Section 170MK provides that the “bargaining period” begins at the end of seven days after the day on which the notice was given or, if the notice was given on different days to different persons, the later or latest of those days.  Section 170ML explains what is meant by “protected action”, the subject of immunity under s 170MT.  In particular, subs (2) deals with the position of employees:

“(2)     During the bargaining period:

(a)               an organisation of employees that is a negotiating party; or

(b)               a member of such an organisation who is employed by the employer; or

(c)                an officer or employee of such an organisation acting in that capacity; or

(d)               an employee who is a negotiating party;

            is entitled, for the purpose of:

(e)                supporting or advancing claims made in respect of the proposed agreement; or

(f)                 responding to a lockout by the employer of employees whose employment will be subject to the agreement;

            to organise or engage in industrial action directly against the employer and, if the organisation, member, officer or employee does so, the organising of, or engaging in, that industrial action is protected action.”

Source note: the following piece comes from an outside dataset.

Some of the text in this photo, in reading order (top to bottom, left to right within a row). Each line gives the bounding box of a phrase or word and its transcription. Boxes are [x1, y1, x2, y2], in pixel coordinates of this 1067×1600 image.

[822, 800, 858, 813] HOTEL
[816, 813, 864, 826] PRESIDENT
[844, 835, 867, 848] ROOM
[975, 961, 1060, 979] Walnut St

Sections 170MM and 170MN are not presently relevant.  Section 170MO is important because it contains a notice requirement that Curragh argues was not satisfied in this case.  The section relevantly provides:

“(1)     Any action taken as mentioned in subsection 170ML(2) by:

(a)               an organisation of employees; or

(b)               a member of such an organisation; or

(c)                an officer or employee of such an organisation acting in that capacity; or

(d)               an employee who is a negotiating party;

            is not protected action unless the requirements set out in subsection (2) are met.

(2)               The requirements are that:

(a)               if the action is in response to, and is taken after the start of, a lockout of employees by the employer in respect of the proposed agreement – the organisation, or the employee who is a negotiating party, has given the employer written notice of the intention to take the action; or

(b)               in any other case – the organisation, or the employee who is a negotiating party, has given the employer at least 3 working days’ written notice of the intention to take the action.

(3)              

(4)              

(5)               A written notice or other notification under this section must state the nature of the intended action and the day when it will begin.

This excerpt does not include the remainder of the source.